*THE DATA*
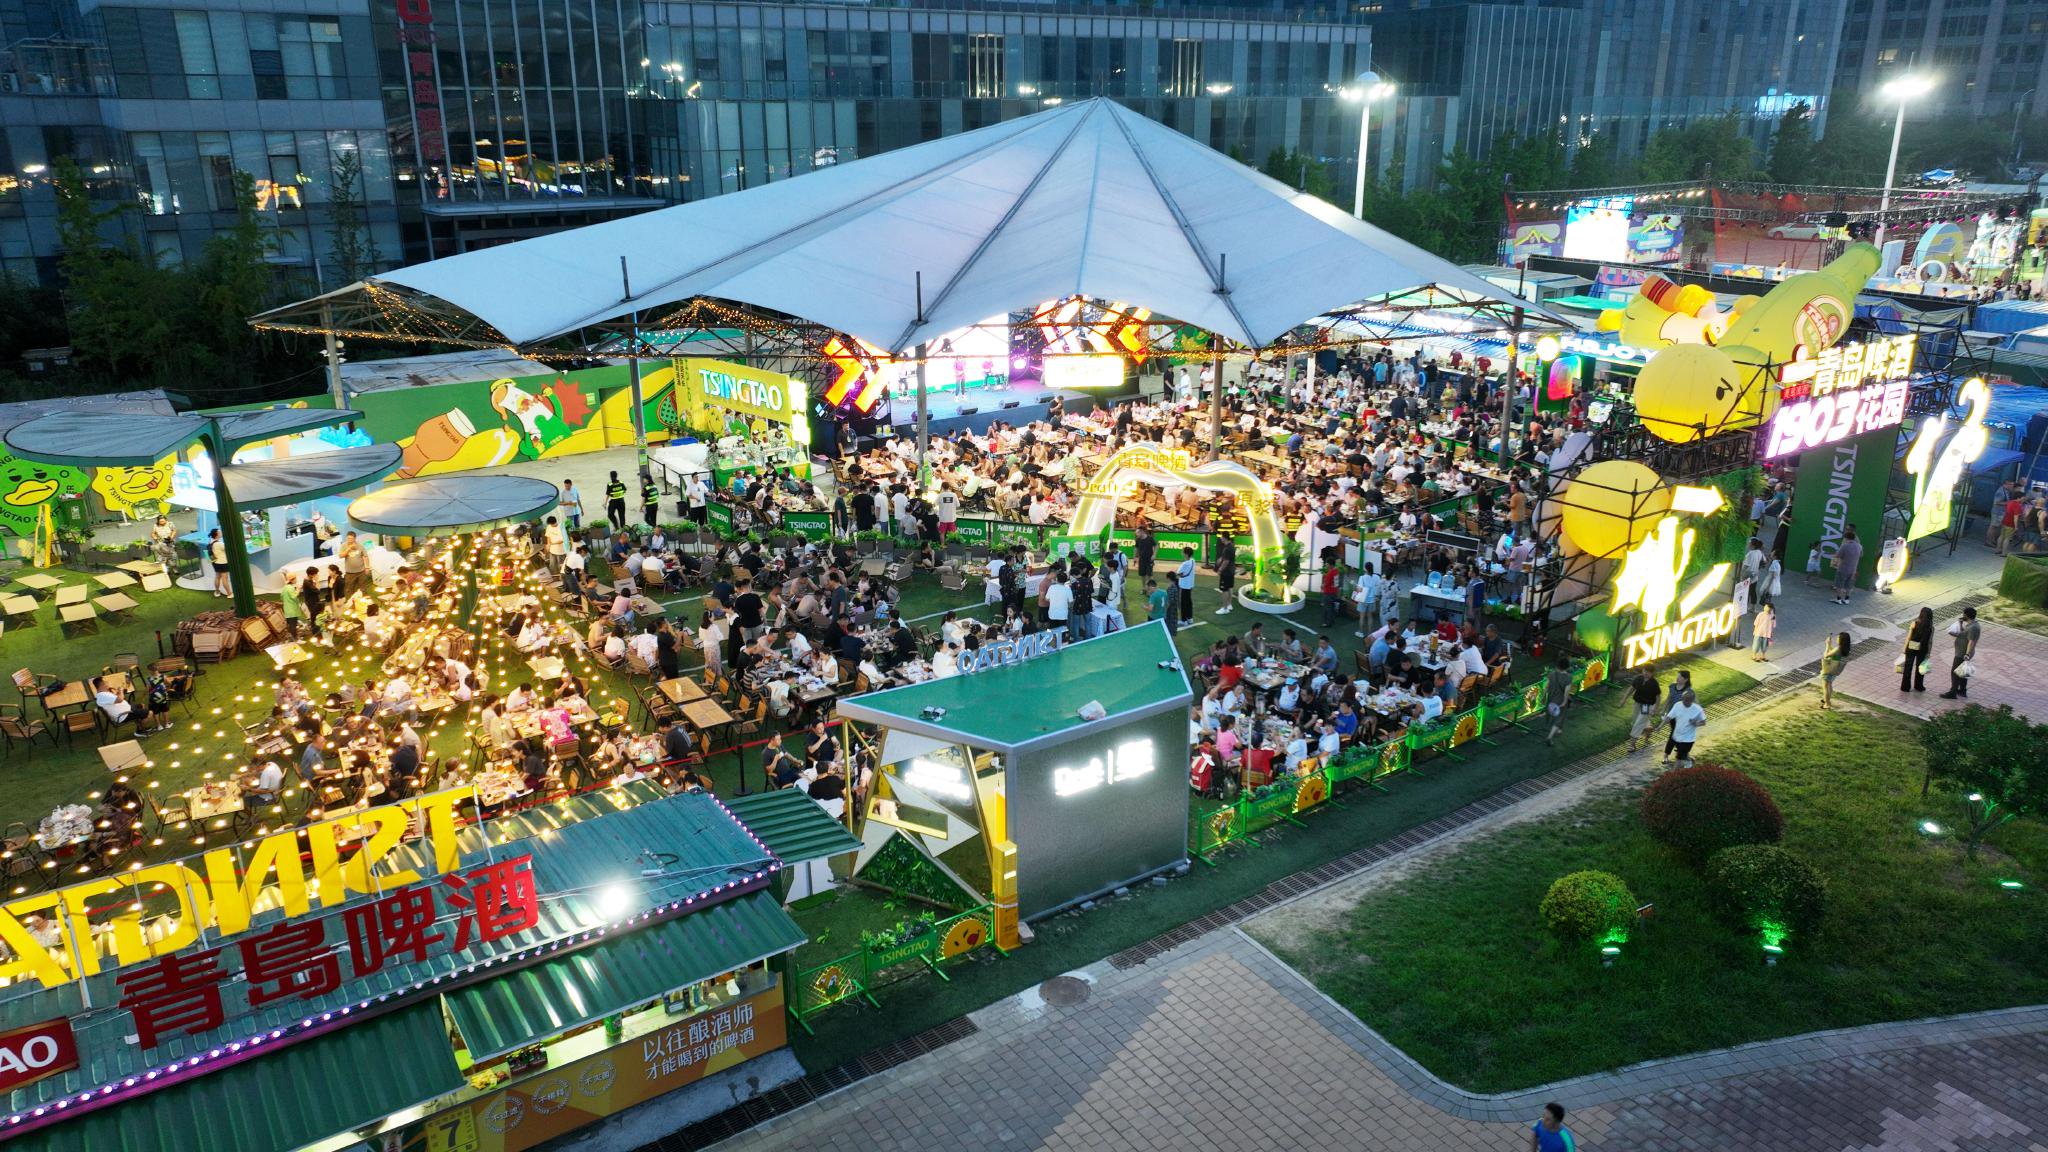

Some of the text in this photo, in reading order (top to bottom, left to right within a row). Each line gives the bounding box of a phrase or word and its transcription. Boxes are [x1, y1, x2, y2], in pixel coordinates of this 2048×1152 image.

[699, 369, 783, 411] TSINGTAO
[1813, 334, 1916, 397] 青岛啤酒
[1766, 381, 1909, 459] 1903花园
[709, 509, 729, 524] TSINGTAO
[789, 521, 827, 529] TSINGTAO
[1820, 443, 1858, 560] TSINGTAO
[1159, 540, 1199, 550] TSINGTAO
[1623, 603, 1734, 669] TSINGTAO
[117, 854, 540, 1051] 青島啤酒
[881, 939, 930, 965] TSINGTAO
[643, 1003, 754, 1062] 以往酿酒师
[646, 1026, 754, 1079] 才能喝到的啤酒
[440, 1118, 461, 1149] 7
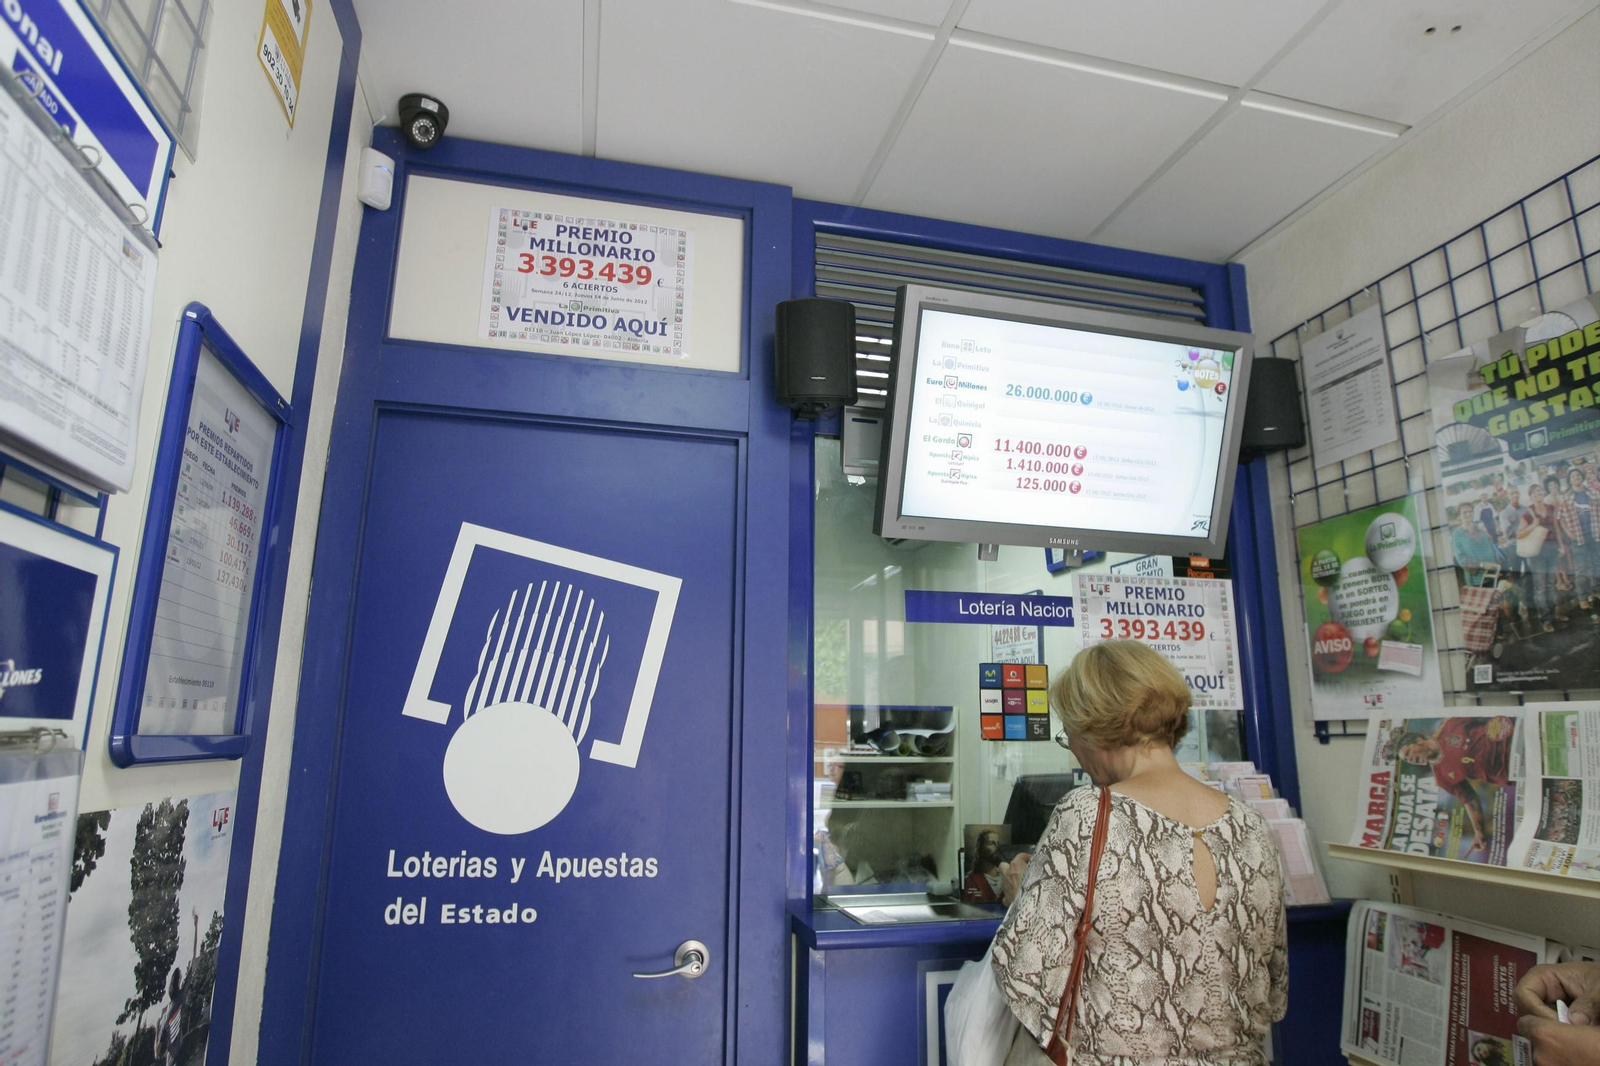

*EXERCISE DETAILS*
Each record above should be copied character for character, with pictures dropped.

*SOLUTION TO THIS PROBLEM*
Some of the text in this photo, in reading order (top to bottom, left to right within a row). Each line gives the bounding box of a phrase or word and its transcription. Boxes are [x1, y1, x2, y2], in pixel coordinates of this 2048×1152 image.

[699, 369, 783, 411] TSINGTAO
[1813, 334, 1916, 397] 青岛啤酒
[1766, 381, 1909, 459] 1903花园
[709, 509, 729, 524] TSINGTAO
[789, 521, 827, 529] TSINGTAO
[1820, 443, 1858, 560] TSINGTAO
[1159, 540, 1199, 550] TSINGTAO
[1623, 603, 1734, 669] TSINGTAO
[117, 854, 540, 1051] 青島啤酒
[881, 939, 930, 965] TSINGTAO
[643, 1003, 754, 1062] 以往酿酒师
[646, 1026, 754, 1079] 才能喝到的啤酒
[440, 1118, 461, 1149] 7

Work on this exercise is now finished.